As is also shown in figure 2, preferably, the first flange 2 has at least one reinforcing embossment 13. In both preferred embodiments shown in the drawing figures, the first flange 2 has two reinforcing embossments 13. The third flange 4 preferably has at least one reinforcing embossment 13. In the first preferred embodiment, shown in FIGS. 5-8, the third flange 4 has one embossment 13. In the second preferred embodiment, shown in FIGS. 9-12, the third flange 4 has two embossments 13.
Preferably, any reinforcing embossment 13 in the first flange 2 is elongated and oriented substantially perpendicular to the first juncture 8.
The reinforcing embossments 13 in the third flange 4 are preferably elongated, oriented substantially perpendicular to the second juncture 12, and span from the first substantially planar portion 9 of the third flange 4 to the second substantially planar portion 10 of the third flange 4.
Preferably, the first flange 2, the second flange 3 and the third flange 4 each have a plurality of fastener openings 14.
The second flange 3 is preferably orthogonal to the first flange 2 and to the third flange 4, and the first flange 2 and the third flange 4 occupy substantially parallel planes.
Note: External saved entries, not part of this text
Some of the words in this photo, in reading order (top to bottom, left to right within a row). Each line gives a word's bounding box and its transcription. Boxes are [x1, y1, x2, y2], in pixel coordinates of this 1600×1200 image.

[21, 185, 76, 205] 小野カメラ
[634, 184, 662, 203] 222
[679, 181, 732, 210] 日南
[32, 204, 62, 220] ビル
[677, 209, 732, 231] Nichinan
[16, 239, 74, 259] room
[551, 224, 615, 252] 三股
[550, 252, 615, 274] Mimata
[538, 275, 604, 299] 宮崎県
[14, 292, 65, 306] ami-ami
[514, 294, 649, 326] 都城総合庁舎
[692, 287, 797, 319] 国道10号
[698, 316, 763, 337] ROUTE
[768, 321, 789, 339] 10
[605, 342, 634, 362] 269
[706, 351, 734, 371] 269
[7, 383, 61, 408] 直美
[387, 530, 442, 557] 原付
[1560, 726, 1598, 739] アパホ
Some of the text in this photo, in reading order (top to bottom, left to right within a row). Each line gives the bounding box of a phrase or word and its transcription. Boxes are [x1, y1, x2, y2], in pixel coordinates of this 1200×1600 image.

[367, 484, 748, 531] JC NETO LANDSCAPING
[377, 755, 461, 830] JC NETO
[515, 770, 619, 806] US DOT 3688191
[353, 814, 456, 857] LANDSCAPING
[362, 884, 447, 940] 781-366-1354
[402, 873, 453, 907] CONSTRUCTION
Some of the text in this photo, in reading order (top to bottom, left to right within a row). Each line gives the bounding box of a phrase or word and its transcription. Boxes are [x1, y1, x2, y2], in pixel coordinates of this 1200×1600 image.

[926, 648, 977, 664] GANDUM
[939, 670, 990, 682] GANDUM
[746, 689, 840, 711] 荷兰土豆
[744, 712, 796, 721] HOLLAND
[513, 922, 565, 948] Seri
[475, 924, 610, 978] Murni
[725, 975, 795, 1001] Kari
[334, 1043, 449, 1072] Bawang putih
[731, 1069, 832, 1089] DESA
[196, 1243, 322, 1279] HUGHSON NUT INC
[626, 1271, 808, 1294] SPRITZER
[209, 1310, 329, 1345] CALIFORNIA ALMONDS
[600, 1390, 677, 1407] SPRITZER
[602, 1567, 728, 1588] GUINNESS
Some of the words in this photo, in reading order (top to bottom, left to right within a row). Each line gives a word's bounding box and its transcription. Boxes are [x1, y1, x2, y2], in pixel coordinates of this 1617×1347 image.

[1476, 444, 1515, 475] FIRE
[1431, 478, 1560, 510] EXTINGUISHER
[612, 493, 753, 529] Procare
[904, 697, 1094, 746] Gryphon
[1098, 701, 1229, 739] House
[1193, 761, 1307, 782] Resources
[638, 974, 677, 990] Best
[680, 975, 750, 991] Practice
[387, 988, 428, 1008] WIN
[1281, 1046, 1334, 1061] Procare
In this preferred arrangement, the second flange 3 defines a plane that divides or transects the third flange splitting it into the second substantially planar portion 10 of the third flange 4 and the first substantially planar portion 9 of the third flange 4. Thus, the second substantially planar portion 10 of the third flange 4 extends from the second juncture 12, and past the plane of division created by the second flange 3 in one direction toward the edge 18, and the first substantially planar portion 9 of the third flange 4 extends past the plane of division created by the second flange 3 in the opposite direction from the second substantially planar portion 10 of the third flange 4 towards edge 11. The first flange 2 extends from the plane of division created by the second flange 3 in the same direction as the second substantially planar portion 10 of the third flange 4.
As shown in figure 1, preferably, the connector 1 of the present invention connects a supporting structural member 16 and a supported structural member 17. The supporting structural member 16 is preferably fastened to the second flange 3 and the first substantially planar portion 9 of the third flange 4. Preferably, the supported structural member 17 is fastened to the first flange 2 and the second substantially planar portion 10 of the third flange 4. The connector 1 will function if reversed, but that is not the preferred orientation.
The supporting structural member 16 is preferably a supporting truss 16, and the supported structural member 17 is preferably a supported truss 17. Preferably, the supporting truss 16 has a top chord 19, a bottom chord 20, and at least one web member 21 extending between the top chord 19 and the bottom chord 20. The connector 1 preferably interfaces with the web member 21 of the supporting truss 16. Preferably, the supported truss 17 has a top chord 22, a bottom chord 23 and an end member 24 extending between the top chord 22 and the bottom chord 23. The connector 1 preferably interfaces with the end member 24 of the supported truss 17.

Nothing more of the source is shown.